COVID proteins that trigger strokes and heart attacks identified by Israeli team
Discovery, made through ‘peek in virus's black box,’ could lead to therapies that halt havoc wrought on vascular system, say Tel Aviv University scientists
Israeli scientists have identified the virus proteins that are triggering strokes and heart attacks in COVID-19 patients, in a breakthrough they expect will pave the way for new drugs.
The scientists made the discovery by taking a “peek in the virus’s black box,” Dr. Ben Maoz of Tel Aviv University told The Times of Israel, explaining that his team analyzed all 29 proteins of the virus to figure out which of them are wreaking havoc in the vascular system.
“Coronavirus isn’t the purely respiratory disease we first thought, and we have identified the proteins that put patients at increased risk of stroke, heart attack, and other problems associated with the vascular system,” Maoz said.

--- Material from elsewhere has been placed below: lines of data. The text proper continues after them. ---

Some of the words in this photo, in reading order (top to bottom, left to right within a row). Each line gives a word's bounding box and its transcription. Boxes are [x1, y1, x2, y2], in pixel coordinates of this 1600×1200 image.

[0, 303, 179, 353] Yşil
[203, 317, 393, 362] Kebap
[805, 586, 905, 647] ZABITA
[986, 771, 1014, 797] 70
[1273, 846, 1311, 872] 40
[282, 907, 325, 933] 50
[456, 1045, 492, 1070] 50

He identified the five proteins in SARS-CoV-2 that lead to vascular problems in the peer-reviewed journal eLife.
“This work could well help scientists to develop drugs to counter the effect of the coronavirus on the vascular system, by providing an understanding of exactly which proteins, or pieces of the virus, are causing problems,” said Maoz.
His lab, which focuses on biomedical engineering and neuroscience, collaborated with Prof. Uri Ashery and other Tel Aviv University researchers to create a simulation of a human vascular system and observe the impact of all 29 coronavirus proteins. From their analysis, they were able to identify which of them affected the vascular system — and how.

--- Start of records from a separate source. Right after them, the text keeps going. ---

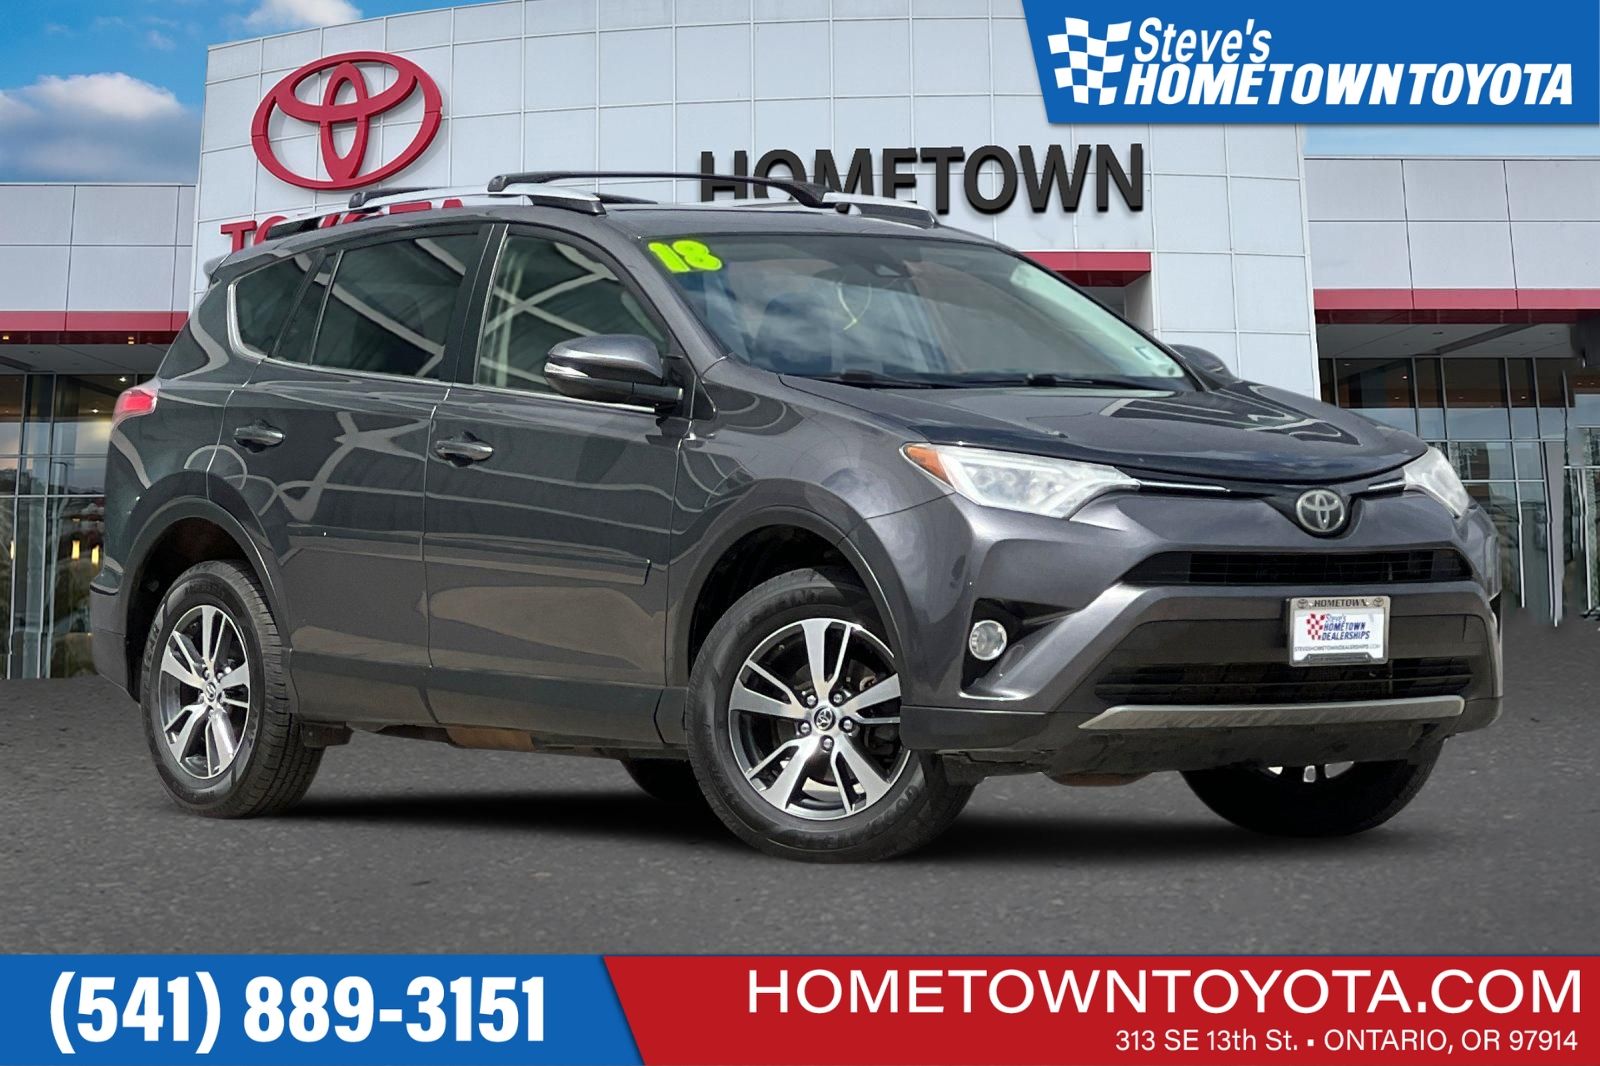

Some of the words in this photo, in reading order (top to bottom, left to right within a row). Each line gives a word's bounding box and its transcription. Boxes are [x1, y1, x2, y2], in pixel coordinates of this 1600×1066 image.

[700, 143, 1145, 215] HOMETOWN
[648, 240, 723, 273] 18
[1313, 598, 1368, 608] HOMETOWN
[1323, 621, 1366, 632] HOMETOWN
[1321, 630, 1371, 641] DEALERSHIPS

“We have not only discovered which proteins have an impact on the vascular system, but also seen how exactly they exert their effect,” said Maoz. “What we found is these specific proteins make your vasculature more leaky. The tubes become more porous and cannot hold liquid as you would hope. This information is also valuable in efforts to develop drugs.”
Maoz hopes to lay foundations for more nuanced treatment of coronavirus.
“To this day the virus has been treated as one entity, despite the fact that it affects different parts of the body in different ways,” he said.
“All the evidence shows that the virus severely damages the blood vessels or the endothelial cells that line the blood vessels. I hope that our research will prove useful in enabling more targeted treatment.”